(YOUR ASSIGNMENT): In the data below, retype exactly the line that contains "this 1500×1616 image." and every line after it, through the last.

- - -

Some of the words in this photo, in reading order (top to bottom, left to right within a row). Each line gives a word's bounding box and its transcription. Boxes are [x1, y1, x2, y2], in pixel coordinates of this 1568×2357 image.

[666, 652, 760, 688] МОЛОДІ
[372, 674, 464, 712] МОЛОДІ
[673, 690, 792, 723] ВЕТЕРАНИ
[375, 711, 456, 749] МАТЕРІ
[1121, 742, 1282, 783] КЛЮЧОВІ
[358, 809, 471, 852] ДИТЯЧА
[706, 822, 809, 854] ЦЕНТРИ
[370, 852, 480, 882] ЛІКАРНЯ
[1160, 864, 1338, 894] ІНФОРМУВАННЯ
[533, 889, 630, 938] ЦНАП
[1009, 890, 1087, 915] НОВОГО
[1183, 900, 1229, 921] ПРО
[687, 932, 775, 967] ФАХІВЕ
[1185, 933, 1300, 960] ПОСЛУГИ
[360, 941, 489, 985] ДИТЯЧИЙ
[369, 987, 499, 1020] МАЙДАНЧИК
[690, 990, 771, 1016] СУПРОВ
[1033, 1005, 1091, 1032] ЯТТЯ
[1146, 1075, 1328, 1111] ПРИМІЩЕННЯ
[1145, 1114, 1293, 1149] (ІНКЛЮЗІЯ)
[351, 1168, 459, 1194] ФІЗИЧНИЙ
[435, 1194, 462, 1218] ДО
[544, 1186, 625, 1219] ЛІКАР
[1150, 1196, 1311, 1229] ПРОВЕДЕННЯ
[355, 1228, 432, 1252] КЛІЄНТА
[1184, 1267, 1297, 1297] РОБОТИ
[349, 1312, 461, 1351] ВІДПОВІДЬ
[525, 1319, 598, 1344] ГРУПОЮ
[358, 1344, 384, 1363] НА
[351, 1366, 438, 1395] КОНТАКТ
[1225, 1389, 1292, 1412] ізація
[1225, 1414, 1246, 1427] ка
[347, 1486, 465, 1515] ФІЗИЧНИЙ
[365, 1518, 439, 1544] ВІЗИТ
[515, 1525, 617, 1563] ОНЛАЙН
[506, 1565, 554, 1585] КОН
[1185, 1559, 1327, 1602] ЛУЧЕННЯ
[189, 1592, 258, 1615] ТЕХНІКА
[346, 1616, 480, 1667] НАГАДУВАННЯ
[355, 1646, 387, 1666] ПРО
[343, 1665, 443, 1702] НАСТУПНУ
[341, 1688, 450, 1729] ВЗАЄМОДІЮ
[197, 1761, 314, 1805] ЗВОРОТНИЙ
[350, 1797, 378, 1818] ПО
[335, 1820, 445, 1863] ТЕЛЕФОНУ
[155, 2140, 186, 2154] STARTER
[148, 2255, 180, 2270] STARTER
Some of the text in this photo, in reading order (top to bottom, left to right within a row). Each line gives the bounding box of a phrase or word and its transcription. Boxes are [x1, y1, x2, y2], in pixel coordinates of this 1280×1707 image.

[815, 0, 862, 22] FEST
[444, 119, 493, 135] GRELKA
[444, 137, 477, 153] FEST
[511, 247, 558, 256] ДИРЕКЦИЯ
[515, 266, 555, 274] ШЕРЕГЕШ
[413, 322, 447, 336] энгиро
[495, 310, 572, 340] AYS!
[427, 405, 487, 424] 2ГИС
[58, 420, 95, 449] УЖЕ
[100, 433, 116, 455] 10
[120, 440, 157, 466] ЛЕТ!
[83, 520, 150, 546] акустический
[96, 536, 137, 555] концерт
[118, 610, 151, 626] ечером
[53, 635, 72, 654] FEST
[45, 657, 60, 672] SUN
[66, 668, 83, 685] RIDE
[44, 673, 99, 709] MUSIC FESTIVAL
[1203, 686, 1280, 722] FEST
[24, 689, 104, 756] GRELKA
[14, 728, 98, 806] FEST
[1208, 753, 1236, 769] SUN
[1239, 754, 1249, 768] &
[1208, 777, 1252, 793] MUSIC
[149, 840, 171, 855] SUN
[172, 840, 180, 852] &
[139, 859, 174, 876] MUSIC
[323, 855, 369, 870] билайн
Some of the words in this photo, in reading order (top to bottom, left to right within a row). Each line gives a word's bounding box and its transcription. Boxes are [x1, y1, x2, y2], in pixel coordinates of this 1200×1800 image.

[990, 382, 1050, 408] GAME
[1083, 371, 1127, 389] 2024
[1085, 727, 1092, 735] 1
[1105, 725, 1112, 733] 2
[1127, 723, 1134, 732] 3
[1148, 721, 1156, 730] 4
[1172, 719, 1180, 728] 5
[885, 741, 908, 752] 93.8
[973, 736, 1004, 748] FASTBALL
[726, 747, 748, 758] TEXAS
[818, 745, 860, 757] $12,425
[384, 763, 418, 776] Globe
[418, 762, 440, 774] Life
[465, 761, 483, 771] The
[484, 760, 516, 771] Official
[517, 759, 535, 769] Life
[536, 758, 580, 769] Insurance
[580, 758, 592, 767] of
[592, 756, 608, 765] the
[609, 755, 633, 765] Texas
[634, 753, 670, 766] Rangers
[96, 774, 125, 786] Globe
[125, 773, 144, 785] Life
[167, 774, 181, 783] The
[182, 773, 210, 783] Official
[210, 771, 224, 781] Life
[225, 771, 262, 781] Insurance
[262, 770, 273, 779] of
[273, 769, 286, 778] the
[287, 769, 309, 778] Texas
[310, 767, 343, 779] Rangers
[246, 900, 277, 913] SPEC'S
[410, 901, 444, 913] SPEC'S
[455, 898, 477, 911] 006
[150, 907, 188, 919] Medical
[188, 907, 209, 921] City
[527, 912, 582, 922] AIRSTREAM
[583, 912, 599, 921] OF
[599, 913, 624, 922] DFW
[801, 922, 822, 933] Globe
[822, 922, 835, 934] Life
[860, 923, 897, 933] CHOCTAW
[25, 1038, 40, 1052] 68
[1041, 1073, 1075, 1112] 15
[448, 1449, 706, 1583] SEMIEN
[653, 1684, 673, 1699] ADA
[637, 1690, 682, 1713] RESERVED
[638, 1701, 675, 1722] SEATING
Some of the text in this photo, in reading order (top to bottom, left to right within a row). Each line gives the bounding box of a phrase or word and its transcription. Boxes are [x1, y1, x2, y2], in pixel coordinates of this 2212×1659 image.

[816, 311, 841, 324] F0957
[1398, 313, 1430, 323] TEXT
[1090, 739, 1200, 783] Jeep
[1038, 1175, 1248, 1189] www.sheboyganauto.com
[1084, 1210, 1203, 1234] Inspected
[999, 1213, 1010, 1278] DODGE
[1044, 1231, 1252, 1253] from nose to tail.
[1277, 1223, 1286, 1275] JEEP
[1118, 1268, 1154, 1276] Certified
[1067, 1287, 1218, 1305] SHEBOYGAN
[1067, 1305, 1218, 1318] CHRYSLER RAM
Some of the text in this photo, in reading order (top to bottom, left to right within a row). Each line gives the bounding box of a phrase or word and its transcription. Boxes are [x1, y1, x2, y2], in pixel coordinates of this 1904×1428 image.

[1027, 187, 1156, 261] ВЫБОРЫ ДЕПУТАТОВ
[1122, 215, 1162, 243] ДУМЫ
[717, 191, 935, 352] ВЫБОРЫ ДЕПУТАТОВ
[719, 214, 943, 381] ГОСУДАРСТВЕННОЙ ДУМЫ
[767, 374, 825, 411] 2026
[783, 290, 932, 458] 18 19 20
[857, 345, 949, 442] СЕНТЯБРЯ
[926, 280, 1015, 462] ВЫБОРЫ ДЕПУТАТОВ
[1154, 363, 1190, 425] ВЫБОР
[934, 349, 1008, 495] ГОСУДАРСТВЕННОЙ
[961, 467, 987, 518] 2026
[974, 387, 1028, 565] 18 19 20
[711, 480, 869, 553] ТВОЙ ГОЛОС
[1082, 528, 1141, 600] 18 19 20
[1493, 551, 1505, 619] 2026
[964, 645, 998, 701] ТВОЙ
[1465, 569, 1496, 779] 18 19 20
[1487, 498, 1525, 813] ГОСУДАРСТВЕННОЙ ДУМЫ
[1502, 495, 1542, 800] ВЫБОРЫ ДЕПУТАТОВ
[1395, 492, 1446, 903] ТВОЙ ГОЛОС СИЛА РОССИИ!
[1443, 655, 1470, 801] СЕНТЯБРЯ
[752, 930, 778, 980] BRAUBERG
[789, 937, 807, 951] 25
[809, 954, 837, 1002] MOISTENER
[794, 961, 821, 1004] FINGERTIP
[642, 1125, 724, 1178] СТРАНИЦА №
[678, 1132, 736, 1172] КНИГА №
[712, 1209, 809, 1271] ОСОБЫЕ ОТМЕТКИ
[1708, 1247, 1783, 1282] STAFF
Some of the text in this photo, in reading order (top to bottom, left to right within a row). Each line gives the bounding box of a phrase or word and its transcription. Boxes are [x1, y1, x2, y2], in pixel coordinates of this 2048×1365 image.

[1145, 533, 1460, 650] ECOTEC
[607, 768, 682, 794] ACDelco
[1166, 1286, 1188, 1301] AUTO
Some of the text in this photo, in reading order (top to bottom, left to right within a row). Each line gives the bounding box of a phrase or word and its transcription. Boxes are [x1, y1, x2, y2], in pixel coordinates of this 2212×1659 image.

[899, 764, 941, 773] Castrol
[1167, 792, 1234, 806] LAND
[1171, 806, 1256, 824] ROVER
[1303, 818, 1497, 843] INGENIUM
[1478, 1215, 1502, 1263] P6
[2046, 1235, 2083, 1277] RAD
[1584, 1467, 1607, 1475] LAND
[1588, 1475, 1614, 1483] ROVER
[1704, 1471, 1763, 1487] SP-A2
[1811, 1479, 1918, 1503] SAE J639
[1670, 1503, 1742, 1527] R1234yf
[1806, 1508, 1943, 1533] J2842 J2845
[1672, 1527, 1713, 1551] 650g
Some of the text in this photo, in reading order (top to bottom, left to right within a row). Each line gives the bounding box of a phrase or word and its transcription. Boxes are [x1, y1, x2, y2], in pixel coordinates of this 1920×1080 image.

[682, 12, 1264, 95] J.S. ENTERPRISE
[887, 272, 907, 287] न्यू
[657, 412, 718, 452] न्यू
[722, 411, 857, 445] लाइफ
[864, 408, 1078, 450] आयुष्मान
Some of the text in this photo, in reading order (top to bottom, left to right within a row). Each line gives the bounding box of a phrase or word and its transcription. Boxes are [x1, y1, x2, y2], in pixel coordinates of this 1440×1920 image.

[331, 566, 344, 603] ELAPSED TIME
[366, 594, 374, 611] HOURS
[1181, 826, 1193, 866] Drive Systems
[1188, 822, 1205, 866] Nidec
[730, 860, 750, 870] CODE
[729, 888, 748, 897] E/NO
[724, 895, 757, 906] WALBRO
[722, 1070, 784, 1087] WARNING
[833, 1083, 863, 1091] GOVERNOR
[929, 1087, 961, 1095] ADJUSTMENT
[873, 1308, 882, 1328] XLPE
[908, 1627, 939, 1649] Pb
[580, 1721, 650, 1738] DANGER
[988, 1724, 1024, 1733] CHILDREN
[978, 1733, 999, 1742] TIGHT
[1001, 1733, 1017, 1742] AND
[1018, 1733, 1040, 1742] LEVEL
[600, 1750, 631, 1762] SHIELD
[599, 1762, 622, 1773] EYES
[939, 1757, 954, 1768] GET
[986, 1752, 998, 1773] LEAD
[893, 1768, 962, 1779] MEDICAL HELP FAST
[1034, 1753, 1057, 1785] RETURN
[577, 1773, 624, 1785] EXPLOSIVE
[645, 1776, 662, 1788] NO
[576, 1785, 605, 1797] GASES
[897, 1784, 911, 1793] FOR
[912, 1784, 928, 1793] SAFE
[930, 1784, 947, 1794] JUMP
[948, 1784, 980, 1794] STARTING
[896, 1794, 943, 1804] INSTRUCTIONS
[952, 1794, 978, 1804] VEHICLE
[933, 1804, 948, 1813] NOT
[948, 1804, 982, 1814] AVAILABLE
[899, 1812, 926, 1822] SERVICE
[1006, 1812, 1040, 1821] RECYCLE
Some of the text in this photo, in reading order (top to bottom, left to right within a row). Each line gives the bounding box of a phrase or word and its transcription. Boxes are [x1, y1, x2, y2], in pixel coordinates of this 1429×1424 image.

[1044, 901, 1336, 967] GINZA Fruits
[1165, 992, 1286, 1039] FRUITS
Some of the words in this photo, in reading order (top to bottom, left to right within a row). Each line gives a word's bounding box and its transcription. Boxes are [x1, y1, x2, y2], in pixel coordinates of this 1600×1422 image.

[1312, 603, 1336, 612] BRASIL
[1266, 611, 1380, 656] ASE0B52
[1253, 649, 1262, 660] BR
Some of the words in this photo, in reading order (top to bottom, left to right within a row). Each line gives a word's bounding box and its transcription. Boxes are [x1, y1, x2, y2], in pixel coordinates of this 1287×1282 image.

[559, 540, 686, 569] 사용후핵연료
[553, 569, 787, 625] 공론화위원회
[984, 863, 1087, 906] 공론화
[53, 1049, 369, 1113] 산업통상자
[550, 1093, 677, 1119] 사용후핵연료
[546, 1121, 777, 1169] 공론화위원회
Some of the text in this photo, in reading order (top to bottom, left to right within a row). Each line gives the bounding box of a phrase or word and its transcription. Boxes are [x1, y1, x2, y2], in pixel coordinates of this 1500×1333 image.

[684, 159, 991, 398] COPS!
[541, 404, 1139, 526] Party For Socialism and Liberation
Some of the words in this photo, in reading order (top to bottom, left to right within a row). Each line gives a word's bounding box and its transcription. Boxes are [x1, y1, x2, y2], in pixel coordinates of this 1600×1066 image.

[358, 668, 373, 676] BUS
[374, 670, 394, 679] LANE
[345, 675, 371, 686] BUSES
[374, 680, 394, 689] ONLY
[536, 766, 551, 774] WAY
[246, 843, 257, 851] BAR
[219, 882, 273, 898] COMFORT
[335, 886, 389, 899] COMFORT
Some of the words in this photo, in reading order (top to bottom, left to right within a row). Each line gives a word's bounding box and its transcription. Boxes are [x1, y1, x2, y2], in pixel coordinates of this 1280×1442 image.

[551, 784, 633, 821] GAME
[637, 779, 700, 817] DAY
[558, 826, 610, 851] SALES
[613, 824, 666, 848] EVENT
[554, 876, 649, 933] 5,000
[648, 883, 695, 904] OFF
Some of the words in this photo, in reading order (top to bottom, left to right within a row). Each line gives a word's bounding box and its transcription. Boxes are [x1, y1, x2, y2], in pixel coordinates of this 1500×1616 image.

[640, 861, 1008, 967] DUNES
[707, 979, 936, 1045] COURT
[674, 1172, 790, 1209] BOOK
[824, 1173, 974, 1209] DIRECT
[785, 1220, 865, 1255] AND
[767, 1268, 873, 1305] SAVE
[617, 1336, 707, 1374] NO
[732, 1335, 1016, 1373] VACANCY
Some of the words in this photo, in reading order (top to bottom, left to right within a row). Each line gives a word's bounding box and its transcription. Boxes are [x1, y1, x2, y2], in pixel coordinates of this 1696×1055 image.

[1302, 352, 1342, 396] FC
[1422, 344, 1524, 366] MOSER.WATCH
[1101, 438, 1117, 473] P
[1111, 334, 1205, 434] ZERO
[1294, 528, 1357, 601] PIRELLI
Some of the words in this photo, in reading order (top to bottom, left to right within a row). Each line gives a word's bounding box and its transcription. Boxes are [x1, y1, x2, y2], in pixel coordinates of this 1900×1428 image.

- - -

(RESPONSE FOR THIS EXERCISE):
Some of the words in this photo, in reading order (top to bottom, left to right within a row). Each line gives a word's bounding box and its transcription. Boxes are [x1, y1, x2, y2], in pixel coordinates of this 1500×1616 image.

[640, 861, 1008, 967] DUNES
[707, 979, 936, 1045] COURT
[674, 1172, 790, 1209] BOOK
[824, 1173, 974, 1209] DIRECT
[785, 1220, 865, 1255] AND
[767, 1268, 873, 1305] SAVE
[617, 1336, 707, 1374] NO
[732, 1335, 1016, 1373] VACANCY
Some of the words in this photo, in reading order (top to bottom, left to right within a row). Each line gives a word's bounding box and its transcription. Boxes are [x1, y1, x2, y2], in pixel coordinates of this 1696×1055 image.

[1302, 352, 1342, 396] FC
[1422, 344, 1524, 366] MOSER.WATCH
[1101, 438, 1117, 473] P
[1111, 334, 1205, 434] ZERO
[1294, 528, 1357, 601] PIRELLI
Some of the words in this photo, in reading order (top to bottom, left to right within a row). Each line gives a word's bounding box and its transcription. Boxes are [x1, y1, x2, y2], in pixel coordinates of this 1900×1428 image.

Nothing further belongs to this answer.